> **PROBLEM TO SOLVE**: Below are some records: retype them all exactly, but not the pictures.

(INPUT RECORDS)

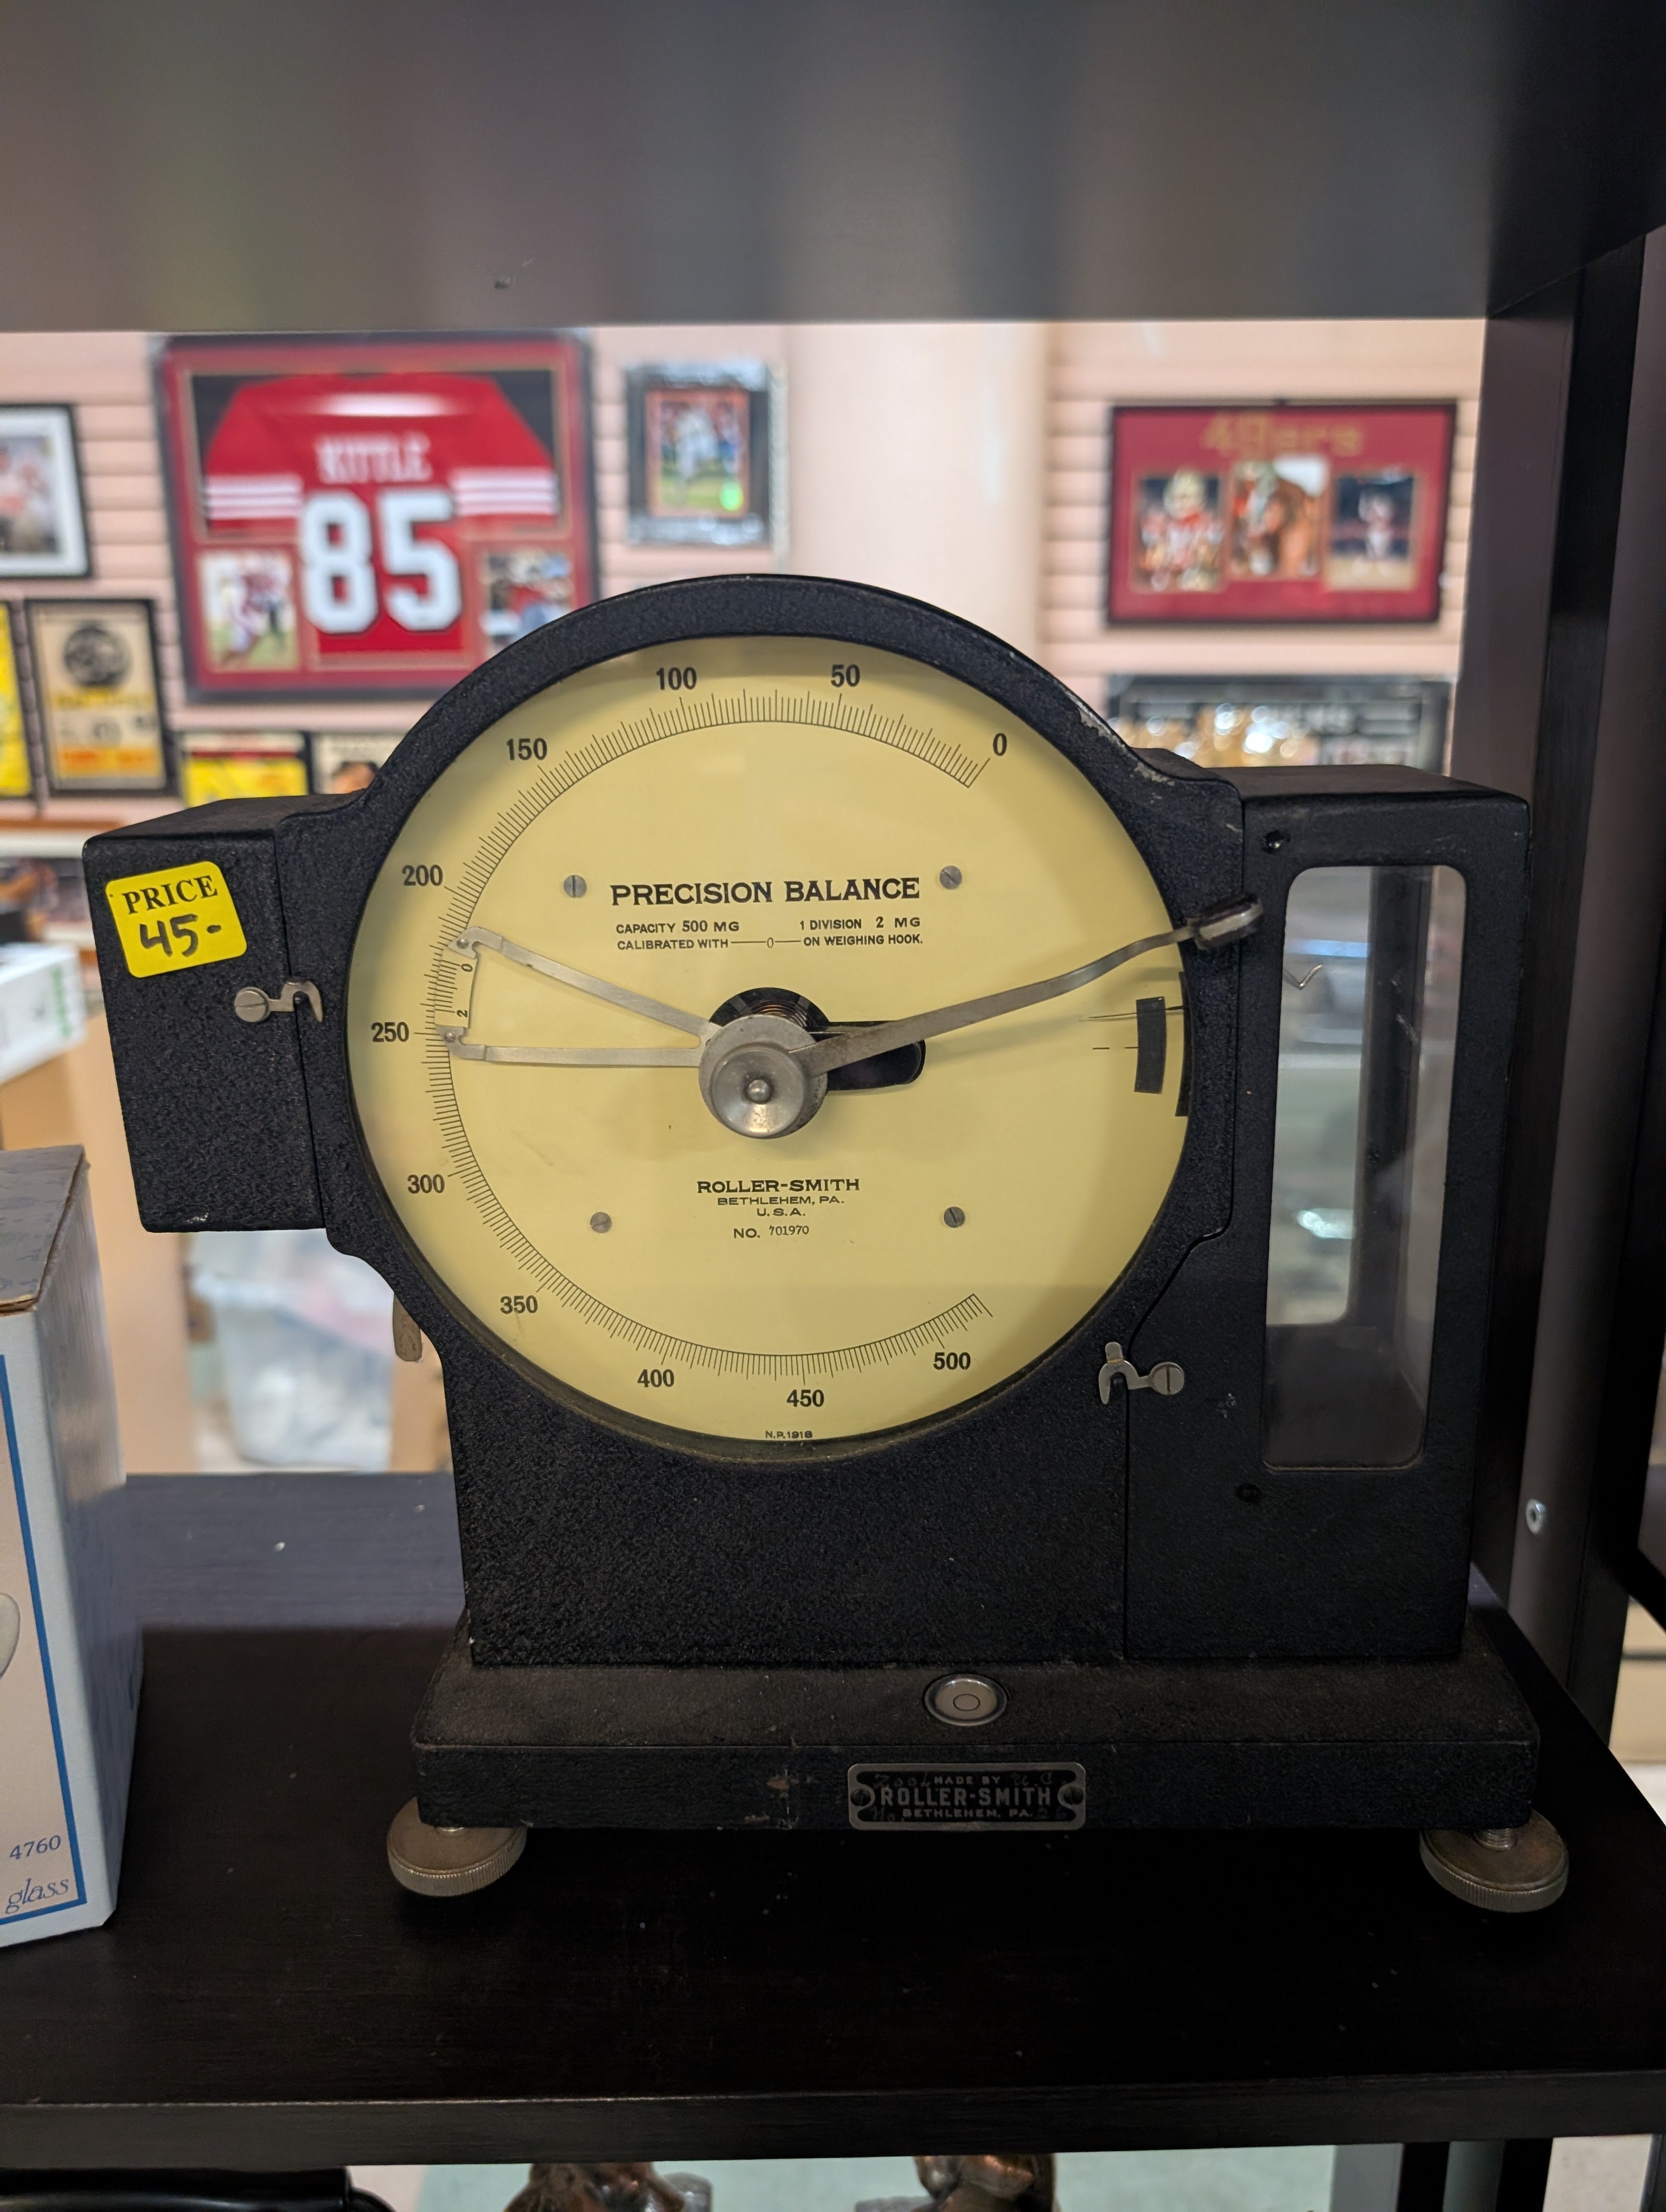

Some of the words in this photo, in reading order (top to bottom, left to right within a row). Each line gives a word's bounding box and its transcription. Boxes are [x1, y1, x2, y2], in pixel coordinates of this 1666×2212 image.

[299, 492, 463, 633] 85
[655, 666, 698, 691] 100
[830, 664, 861, 687] 50
[505, 737, 548, 761] 150
[992, 732, 1007, 757] 0
[402, 864, 443, 886] 200
[122, 875, 218, 915] PRICE
[610, 882, 773, 906] PRECISION
[783, 877, 920, 902] BALANCE
[616, 923, 676, 934] CAPACITY
[682, 920, 708, 933] 500
[714, 922, 740, 932] MG
[800, 920, 805, 930] 1
[810, 918, 862, 930] DIVISION
[875, 916, 884, 928] 2
[894, 917, 921, 928] MG
[617, 940, 694, 950] CALIBRATED
[697, 938, 729, 949] WITH
[803, 936, 820, 947] ON
[824, 935, 885, 946] WEIGHING
[888, 934, 923, 944] HOOK.
[460, 963, 473, 972] 0
[457, 1009, 468, 1018] 2
[371, 1022, 410, 1042] 250
[408, 1174, 445, 1194] 300
[697, 1178, 860, 1193] ROLLER-SMITH
[717, 1196, 815, 1206] BETHLEHEM,
[819, 1195, 845, 1204] PA.
[757, 1207, 806, 1217] U.S.A.
[733, 1228, 761, 1239] NO.
[769, 1225, 810, 1236] 701970
[500, 1295, 538, 1314] 350
[933, 1352, 971, 1370] 500
[637, 1369, 675, 1388] 400
[786, 1390, 825, 1408] 450
[934, 1776, 973, 1785] MADE
[982, 1776, 1001, 1785] BY
[881, 1787, 1051, 1806] ROLLER-SMITH
[10, 1835, 61, 1860] 4760
[5, 1877, 69, 1914] glass

(End INPUT RECORDS)

> **FINAL ANSWER**:
Some of the words in this photo, in reading order (top to bottom, left to right within a row). Each line gives a word's bounding box and its transcription. Boxes are [x1, y1, x2, y2], in pixel coordinates of this 1666×2212 image.

[299, 492, 463, 633] 85
[655, 666, 698, 691] 100
[830, 664, 861, 687] 50
[505, 737, 548, 761] 150
[992, 732, 1007, 757] 0
[402, 864, 443, 886] 200
[122, 875, 218, 915] PRICE
[610, 882, 773, 906] PRECISION
[783, 877, 920, 902] BALANCE
[616, 923, 676, 934] CAPACITY
[682, 920, 708, 933] 500
[714, 922, 740, 932] MG
[800, 920, 805, 930] 1
[810, 918, 862, 930] DIVISION
[875, 916, 884, 928] 2
[894, 917, 921, 928] MG
[617, 940, 694, 950] CALIBRATED
[697, 938, 729, 949] WITH
[803, 936, 820, 947] ON
[824, 935, 885, 946] WEIGHING
[888, 934, 923, 944] HOOK.
[460, 963, 473, 972] 0
[457, 1009, 468, 1018] 2
[371, 1022, 410, 1042] 250
[408, 1174, 445, 1194] 300
[697, 1178, 860, 1193] ROLLER-SMITH
[717, 1196, 815, 1206] BETHLEHEM,
[819, 1195, 845, 1204] PA.
[757, 1207, 806, 1217] U.S.A.
[733, 1228, 761, 1239] NO.
[769, 1225, 810, 1236] 701970
[500, 1295, 538, 1314] 350
[933, 1352, 971, 1370] 500
[637, 1369, 675, 1388] 400
[786, 1390, 825, 1408] 450
[934, 1776, 973, 1785] MADE
[982, 1776, 1001, 1785] BY
[881, 1787, 1051, 1806] ROLLER-SMITH
[10, 1835, 61, 1860] 4760
[5, 1877, 69, 1914] glass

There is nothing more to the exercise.